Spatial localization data
---------------

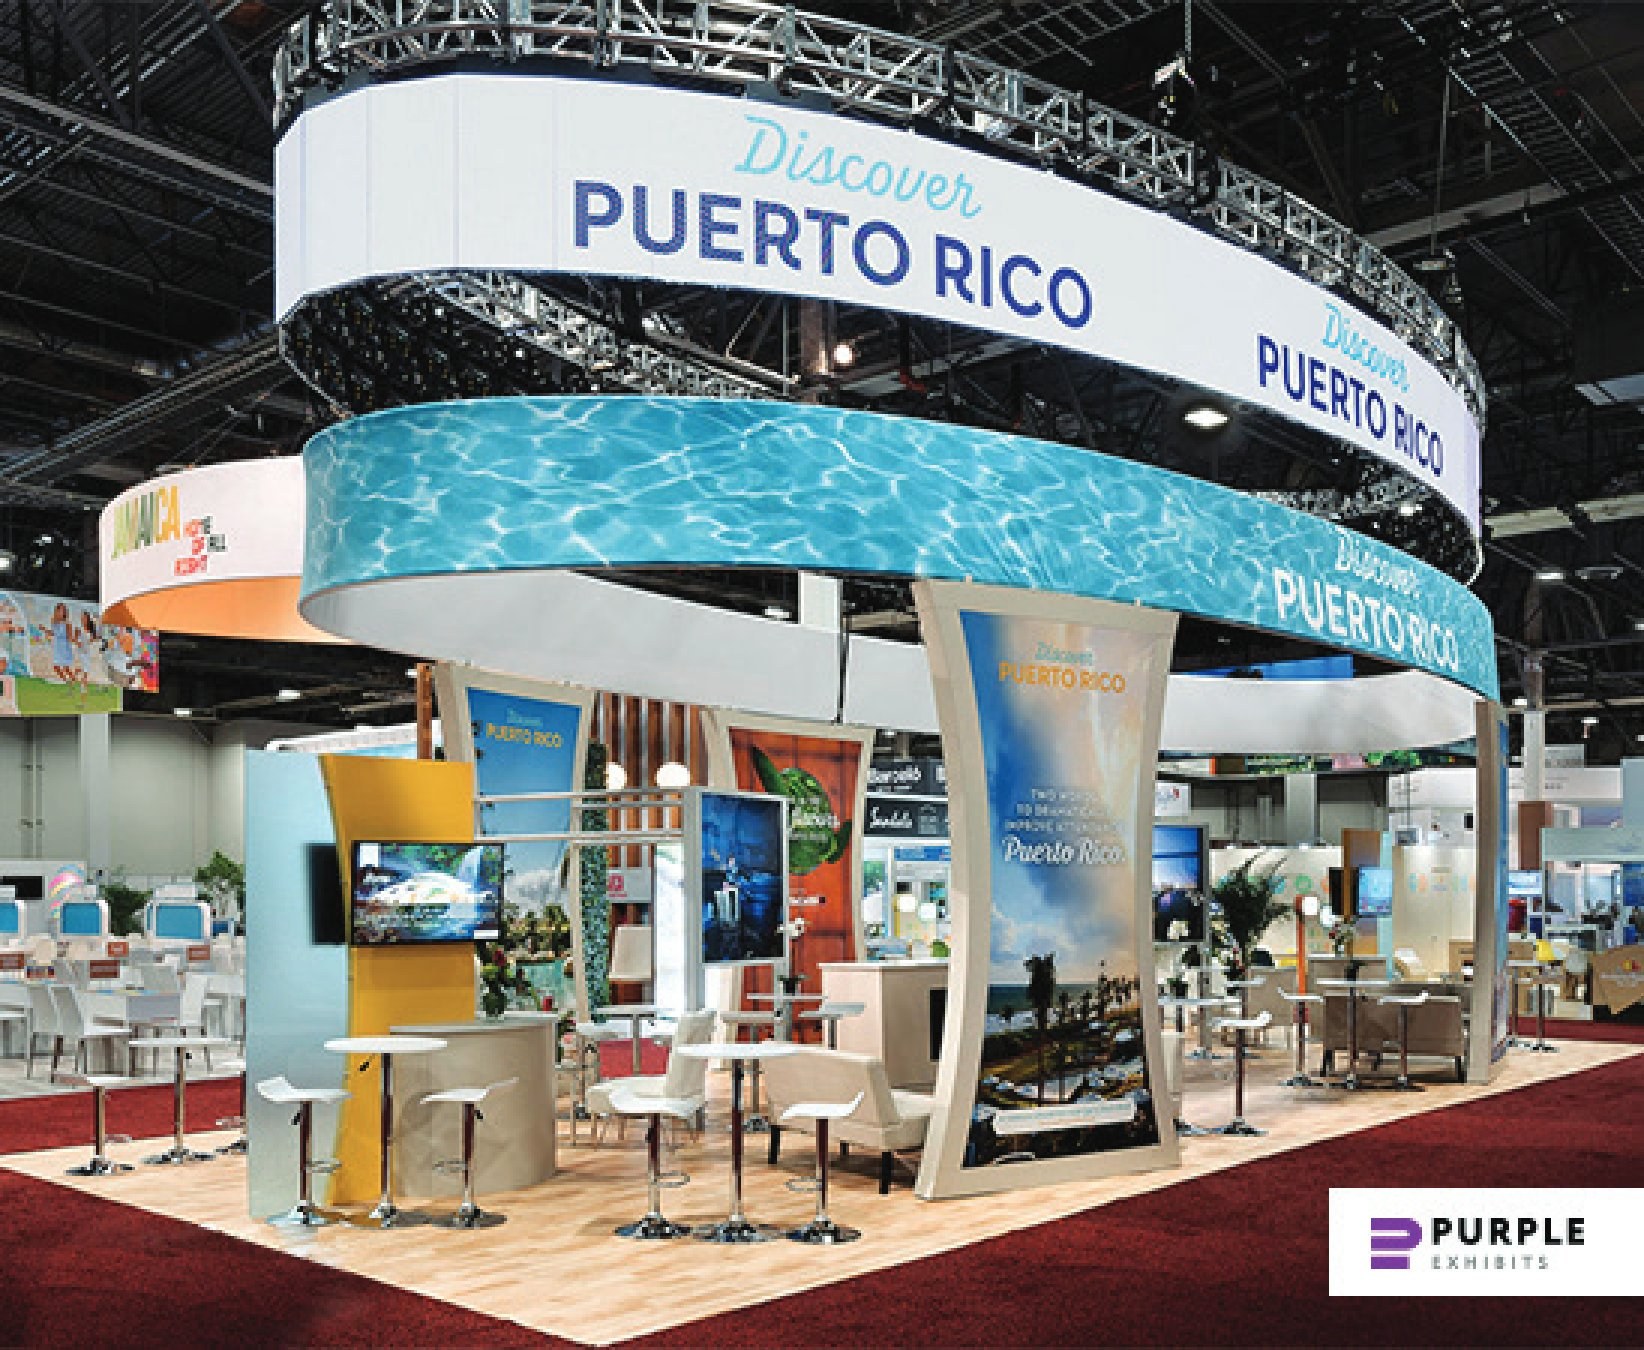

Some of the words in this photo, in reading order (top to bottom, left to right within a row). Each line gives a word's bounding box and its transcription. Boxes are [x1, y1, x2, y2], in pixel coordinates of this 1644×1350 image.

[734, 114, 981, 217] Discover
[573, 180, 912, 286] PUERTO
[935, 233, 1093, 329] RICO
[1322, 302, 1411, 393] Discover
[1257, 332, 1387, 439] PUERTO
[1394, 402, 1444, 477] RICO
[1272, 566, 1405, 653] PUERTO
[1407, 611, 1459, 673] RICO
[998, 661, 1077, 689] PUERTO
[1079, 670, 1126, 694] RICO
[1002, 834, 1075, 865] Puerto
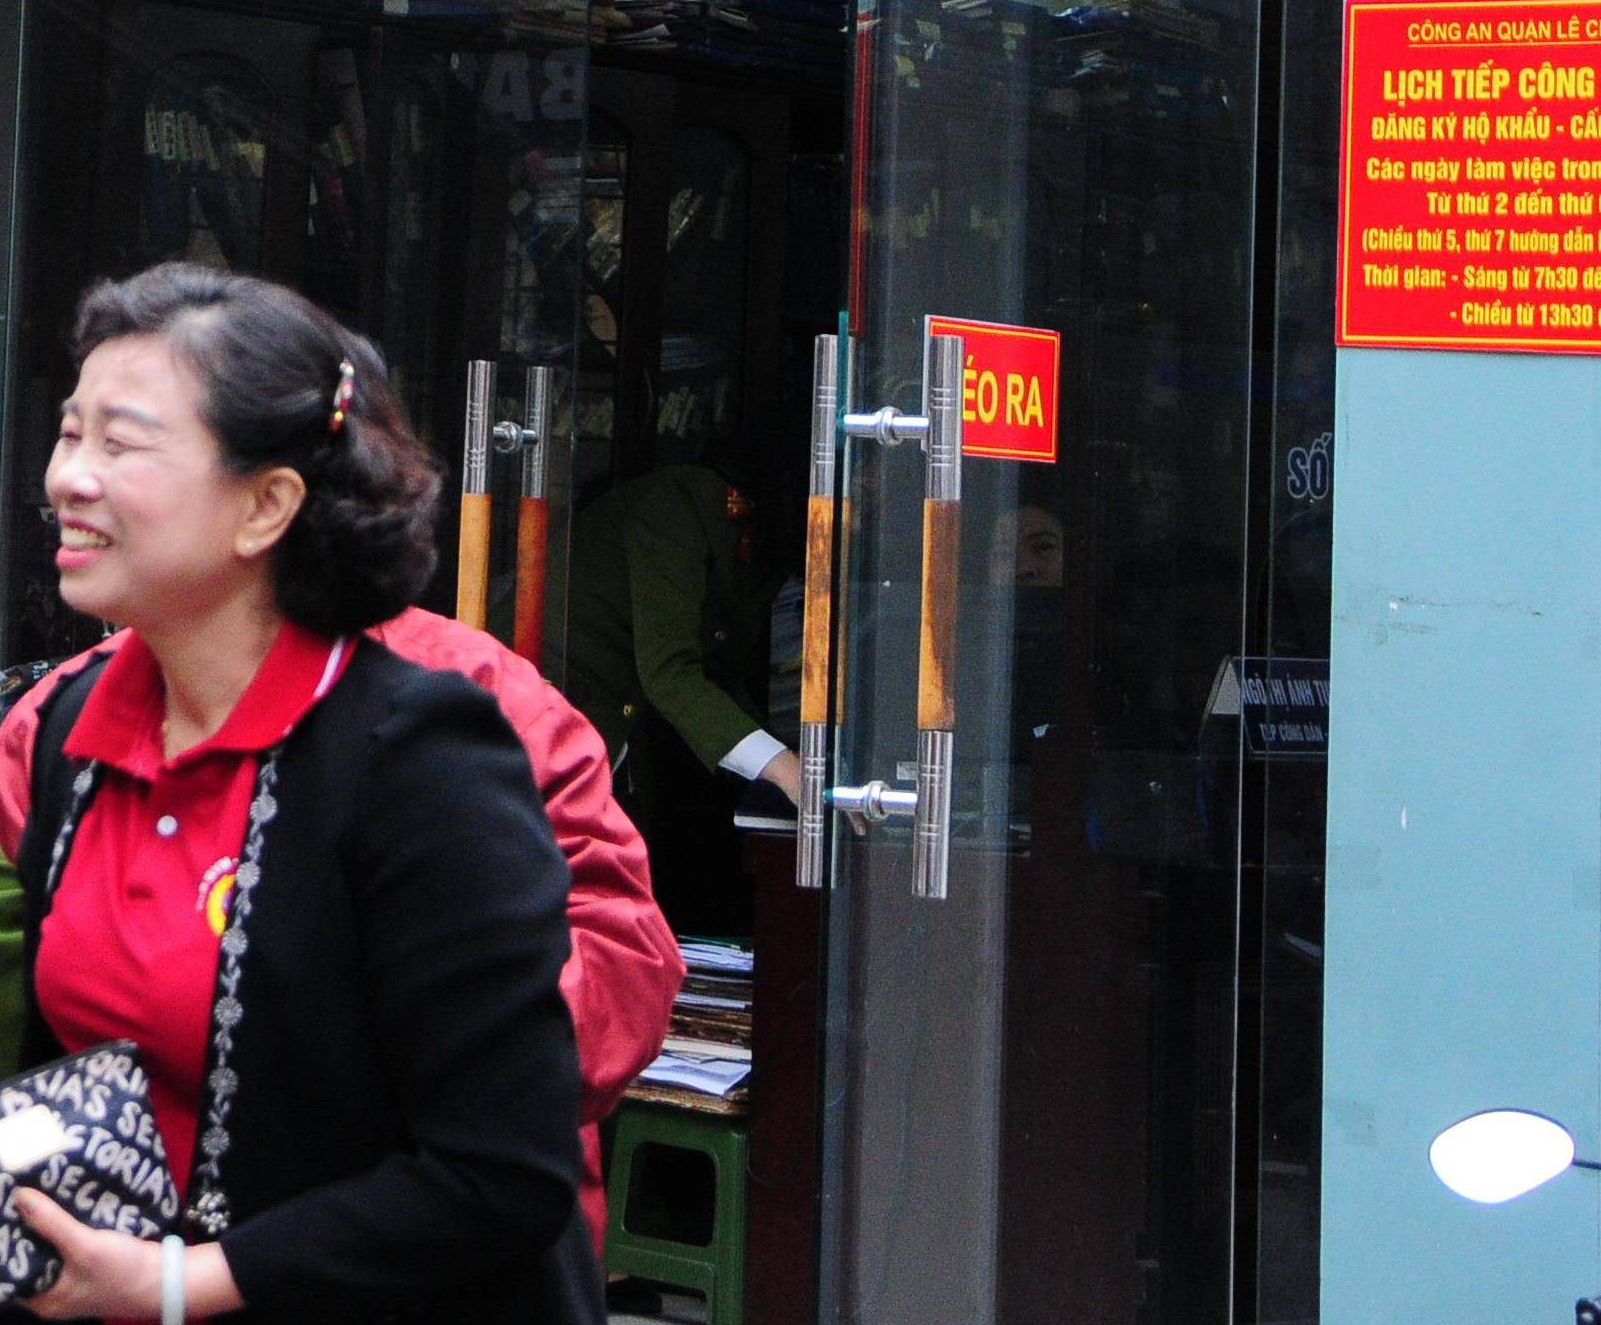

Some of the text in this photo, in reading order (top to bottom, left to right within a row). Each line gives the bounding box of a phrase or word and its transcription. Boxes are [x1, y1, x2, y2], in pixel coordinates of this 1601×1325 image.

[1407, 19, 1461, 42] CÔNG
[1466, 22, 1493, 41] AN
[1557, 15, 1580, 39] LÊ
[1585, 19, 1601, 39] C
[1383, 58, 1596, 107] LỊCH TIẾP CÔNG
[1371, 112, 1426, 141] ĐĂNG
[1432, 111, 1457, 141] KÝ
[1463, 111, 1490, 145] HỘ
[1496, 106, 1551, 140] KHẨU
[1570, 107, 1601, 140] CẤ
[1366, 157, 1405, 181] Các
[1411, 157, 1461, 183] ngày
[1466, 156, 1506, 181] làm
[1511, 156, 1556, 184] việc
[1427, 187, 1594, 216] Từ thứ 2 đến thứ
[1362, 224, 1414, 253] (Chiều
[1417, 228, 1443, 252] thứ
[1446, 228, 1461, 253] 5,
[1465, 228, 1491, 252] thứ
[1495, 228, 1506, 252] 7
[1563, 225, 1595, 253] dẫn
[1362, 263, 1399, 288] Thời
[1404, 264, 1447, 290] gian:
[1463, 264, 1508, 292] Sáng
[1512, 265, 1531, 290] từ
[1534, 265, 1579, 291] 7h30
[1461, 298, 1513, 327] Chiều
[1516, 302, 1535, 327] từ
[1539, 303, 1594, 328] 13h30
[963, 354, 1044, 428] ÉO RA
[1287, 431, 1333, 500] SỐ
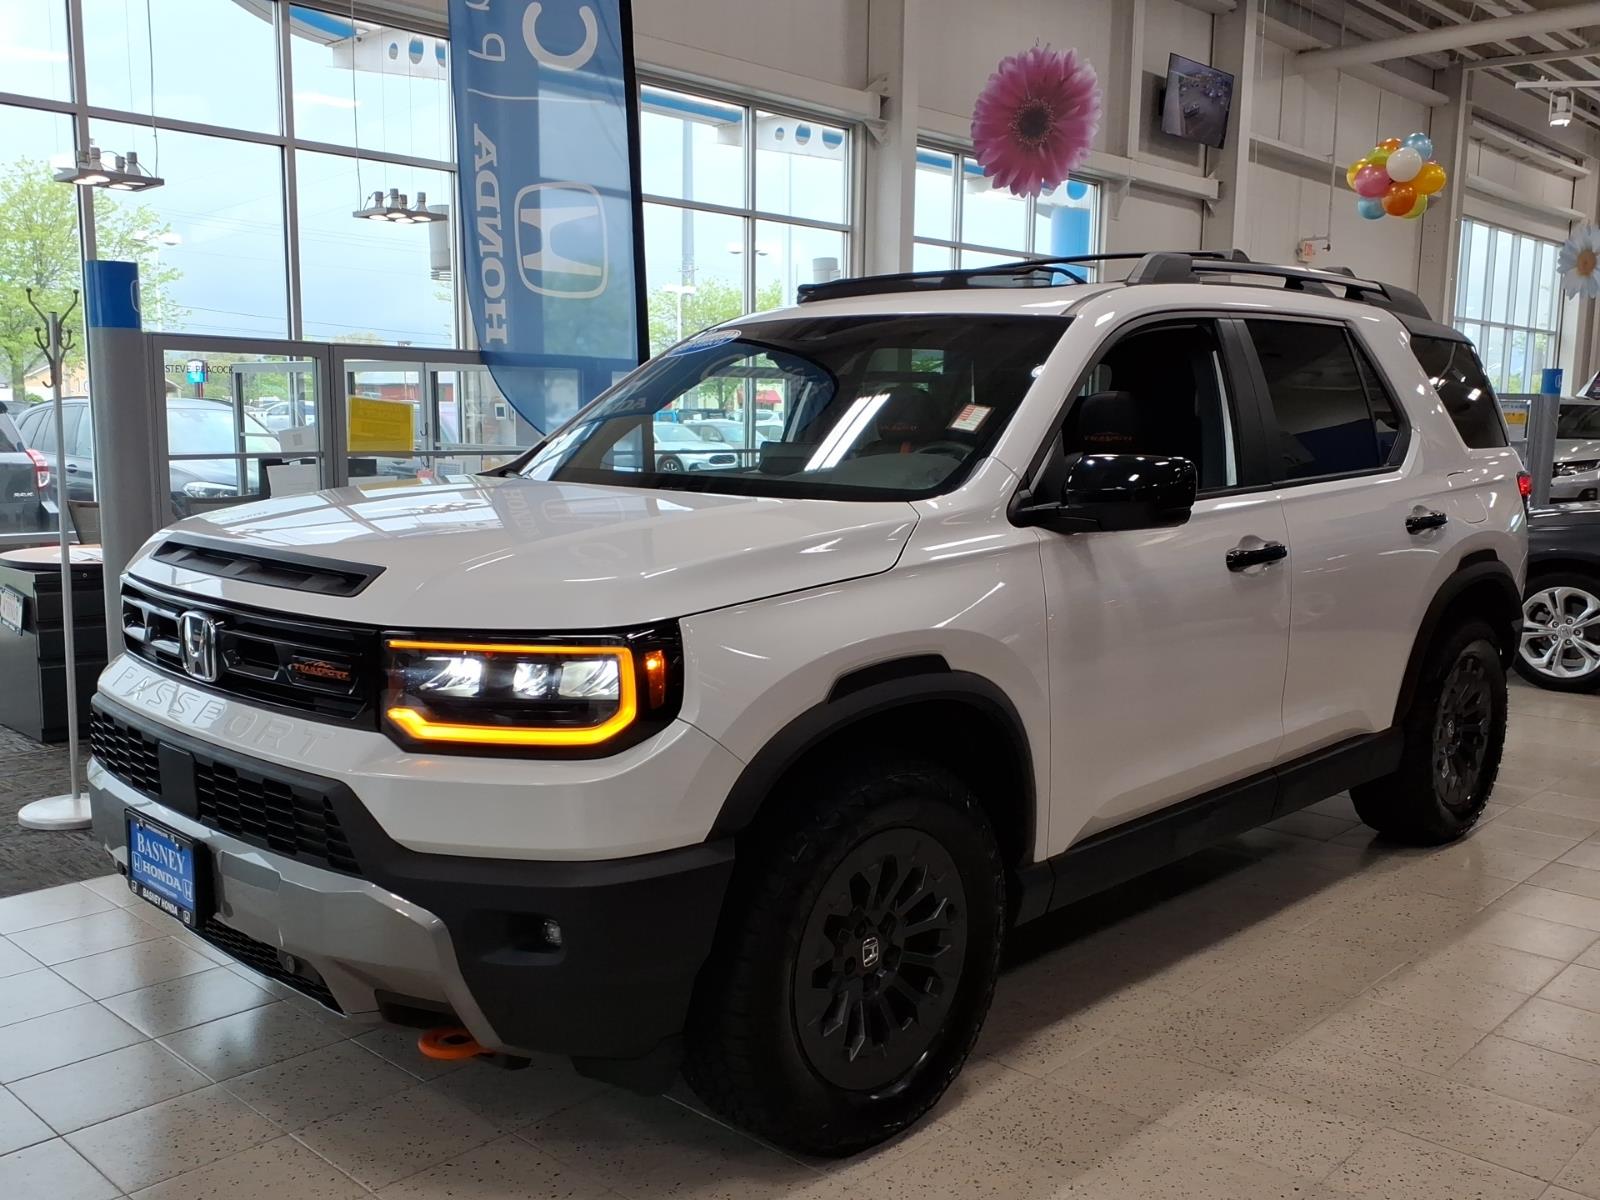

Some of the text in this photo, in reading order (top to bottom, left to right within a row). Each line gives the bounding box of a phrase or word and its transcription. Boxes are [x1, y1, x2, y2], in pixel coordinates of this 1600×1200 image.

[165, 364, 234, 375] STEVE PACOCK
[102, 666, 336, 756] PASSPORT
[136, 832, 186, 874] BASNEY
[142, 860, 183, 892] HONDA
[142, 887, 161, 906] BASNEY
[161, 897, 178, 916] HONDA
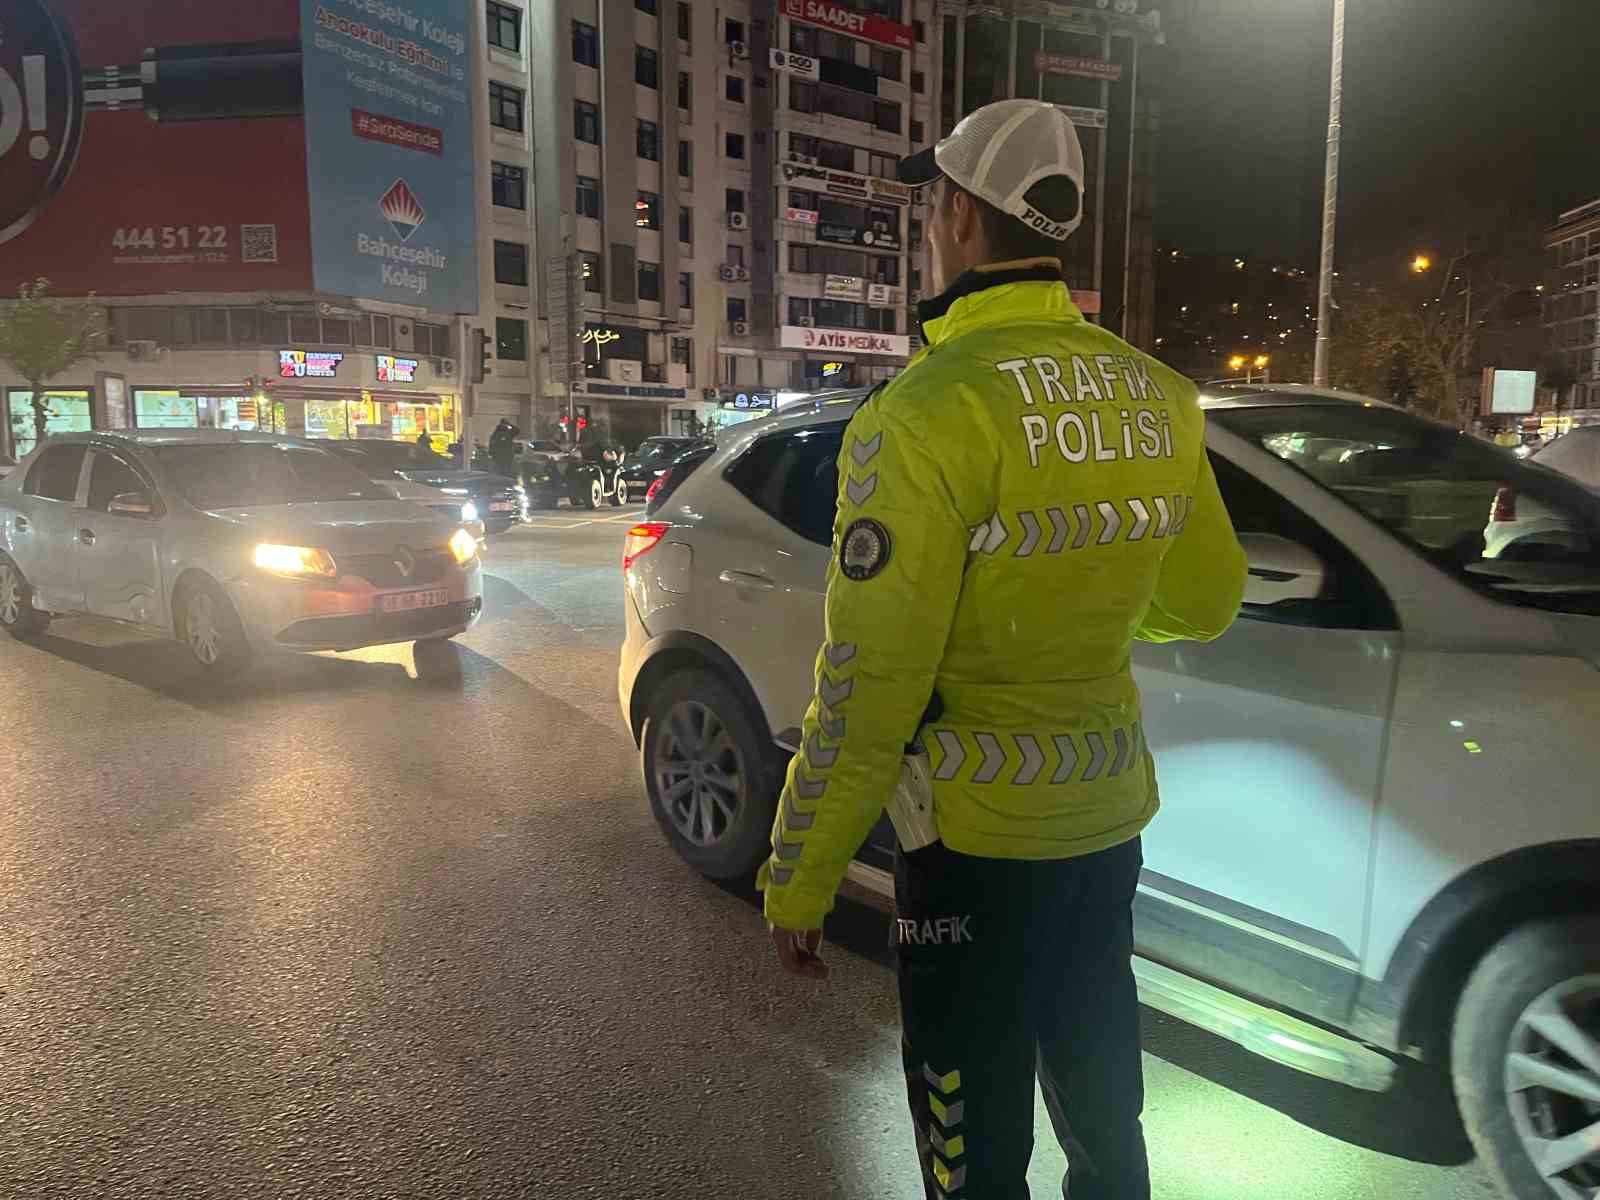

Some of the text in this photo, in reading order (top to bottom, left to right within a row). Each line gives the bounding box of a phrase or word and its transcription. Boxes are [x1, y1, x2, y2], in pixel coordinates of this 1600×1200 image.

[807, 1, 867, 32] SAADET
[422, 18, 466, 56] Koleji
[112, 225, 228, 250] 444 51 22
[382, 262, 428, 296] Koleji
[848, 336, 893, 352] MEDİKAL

---------------

*What you will do*: Would you restate the records above word for word and exclude the pictures?

*Your response*:
Some of the words in this photo, in reading order (top to bottom, left to right within a row). Each line gives a word's bounding box and its transcription. Boxes are [x1, y1, x2, y2], in pixel coordinates of this 1644×1350 image.

[734, 114, 981, 217] Discover
[573, 180, 912, 286] PUERTO
[935, 233, 1093, 329] RICO
[1322, 302, 1411, 393] Discover
[1257, 332, 1387, 439] PUERTO
[1394, 402, 1444, 477] RICO
[1272, 566, 1405, 653] PUERTO
[1407, 611, 1459, 673] RICO
[998, 661, 1077, 689] PUERTO
[1079, 670, 1126, 694] RICO
[1002, 834, 1075, 865] Puerto

Some of the text in this photo, in reading order (top to bottom, left to right within a row). Each line gives the bounding box of a phrase or word and its transcription. Boxes are [x1, y1, x2, y2], in pixel coordinates of this 1601×1325 image.

[1407, 19, 1461, 42] CÔNG
[1466, 22, 1493, 41] AN
[1557, 15, 1580, 39] LÊ
[1585, 19, 1601, 39] C
[1383, 58, 1596, 107] LỊCH TIẾP CÔNG
[1371, 112, 1426, 141] ĐĂNG
[1432, 111, 1457, 141] KÝ
[1463, 111, 1490, 145] HỘ
[1496, 106, 1551, 140] KHẨU
[1570, 107, 1601, 140] CẤ
[1366, 157, 1405, 181] Các
[1411, 157, 1461, 183] ngày
[1466, 156, 1506, 181] làm
[1511, 156, 1556, 184] việc
[1427, 187, 1594, 216] Từ thứ 2 đến thứ
[1362, 224, 1414, 253] (Chiều
[1417, 228, 1443, 252] thứ
[1446, 228, 1461, 253] 5,
[1465, 228, 1491, 252] thứ
[1495, 228, 1506, 252] 7
[1563, 225, 1595, 253] dẫn
[1362, 263, 1399, 288] Thời
[1404, 264, 1447, 290] gian:
[1463, 264, 1508, 292] Sáng
[1512, 265, 1531, 290] từ
[1534, 265, 1579, 291] 7h30
[1461, 298, 1513, 327] Chiều
[1516, 302, 1535, 327] từ
[1539, 303, 1594, 328] 13h30
[963, 354, 1044, 428] ÉO RA
[1287, 431, 1333, 500] SỐ

Some of the text in this photo, in reading order (top to bottom, left to right within a row). Each line gives the bounding box of a phrase or word and its transcription. Boxes are [x1, y1, x2, y2], in pixel coordinates of this 1600×1200 image.

[165, 364, 234, 375] STEVE PACOCK
[102, 666, 336, 756] PASSPORT
[136, 832, 186, 874] BASNEY
[142, 860, 183, 892] HONDA
[142, 887, 161, 906] BASNEY
[161, 897, 178, 916] HONDA

Some of the text in this photo, in reading order (top to bottom, left to right within a row). Each line gives the bounding box of a phrase or word and its transcription. Boxes are [x1, y1, x2, y2], in pixel coordinates of this 1600×1200 image.

[807, 1, 867, 32] SAADET
[422, 18, 466, 56] Koleji
[112, 225, 228, 250] 444 51 22
[382, 262, 428, 296] Koleji
[848, 336, 893, 352] MEDİKAL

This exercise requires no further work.